Pretty straight forward. Now i want to change that to validate only hebrew, underscore and numbers. So i changed the code to:

public static function isCanonical($str)
{
    return preg_match('/^(?:[\u0590-\u05FF\uFB1D-\uFB40]+|[\w]+)$/i', $str);

} 

But it doesn't work. I basically took the hebrew UTF range out of Wikipedia. What is Wrong here?

I was able to get it to work much more easily, using the /u flag and the \p{Hebrew} Unicode character property:

return preg_match('/^(?:\p{Hebrew}+|\w+)$/iu', $str);

Working example: http://ideone.com/gSlmh

If you want preg_match() to work properly with UTF-8, you might have to enable the u modifier (quoting) :

This modifier turns on additional functionality of PCRE that is incompatible with Perl.
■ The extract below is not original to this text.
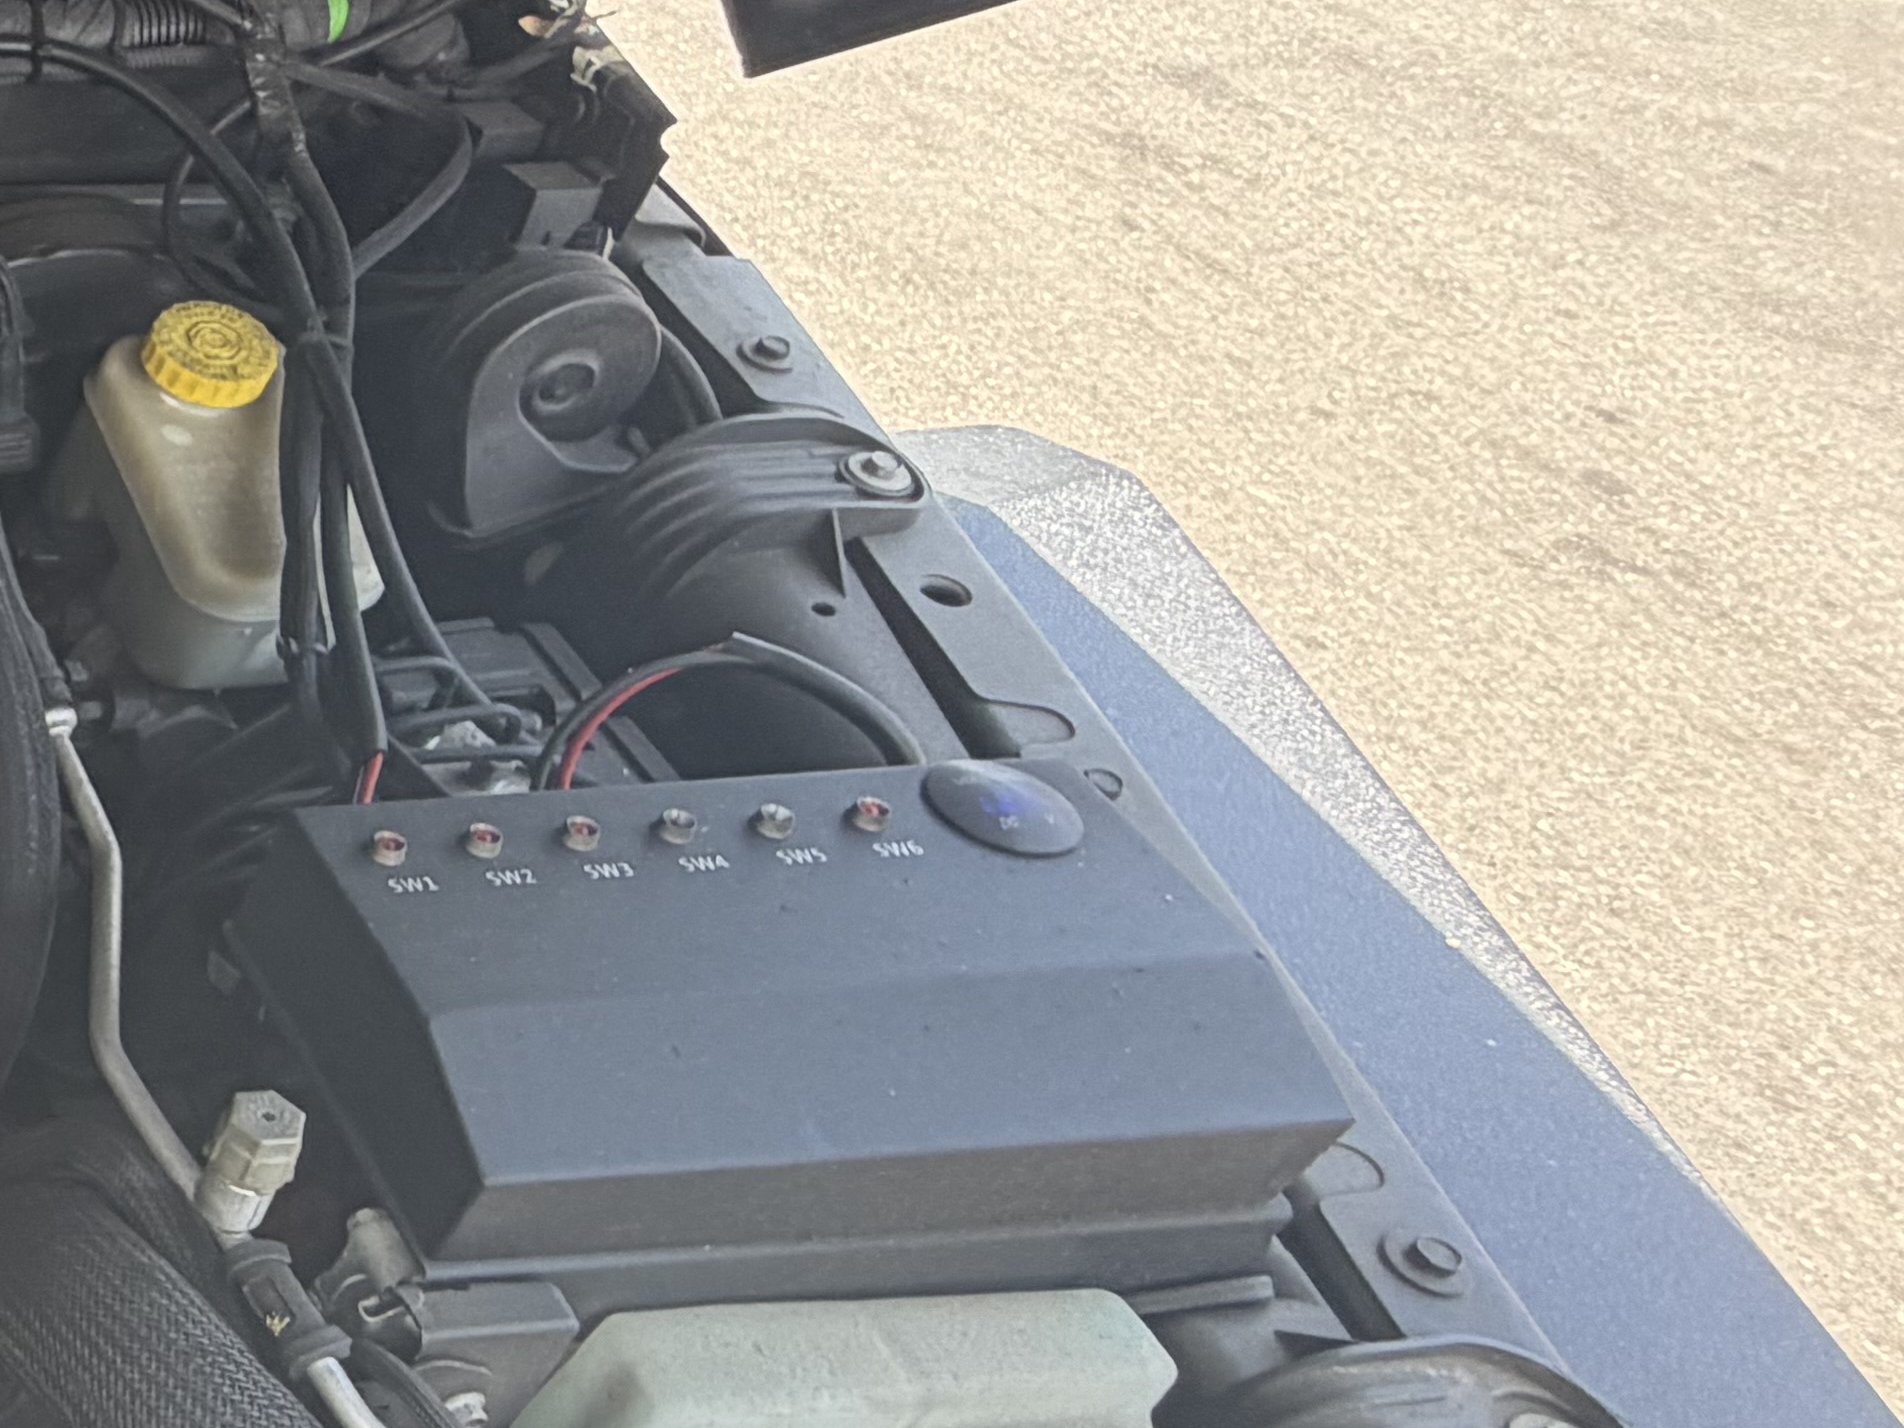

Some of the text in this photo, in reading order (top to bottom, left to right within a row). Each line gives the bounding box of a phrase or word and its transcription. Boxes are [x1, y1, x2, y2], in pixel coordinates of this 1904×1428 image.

[388, 839, 924, 895] SW1 SW2 SW3 SW4 SW5 SW6
Pattern strings are treated as UTF-8.


In your case, instead of using the following regex :

/^(?:[\u0590-\u05FF\uFB1D-\uFB40]+|[\w]+)$/i

I suppose you'd be using :

/^(?:[\u0590-\u05FF\uFB1D-\uFB40]+|[\w]+)$/iu

(Note the additionnal u at the end)

You need the /u modifier to add support for UTF-8.

Make sure you convert your hebrew input to UTF-8 if it's in some other codepage/character set.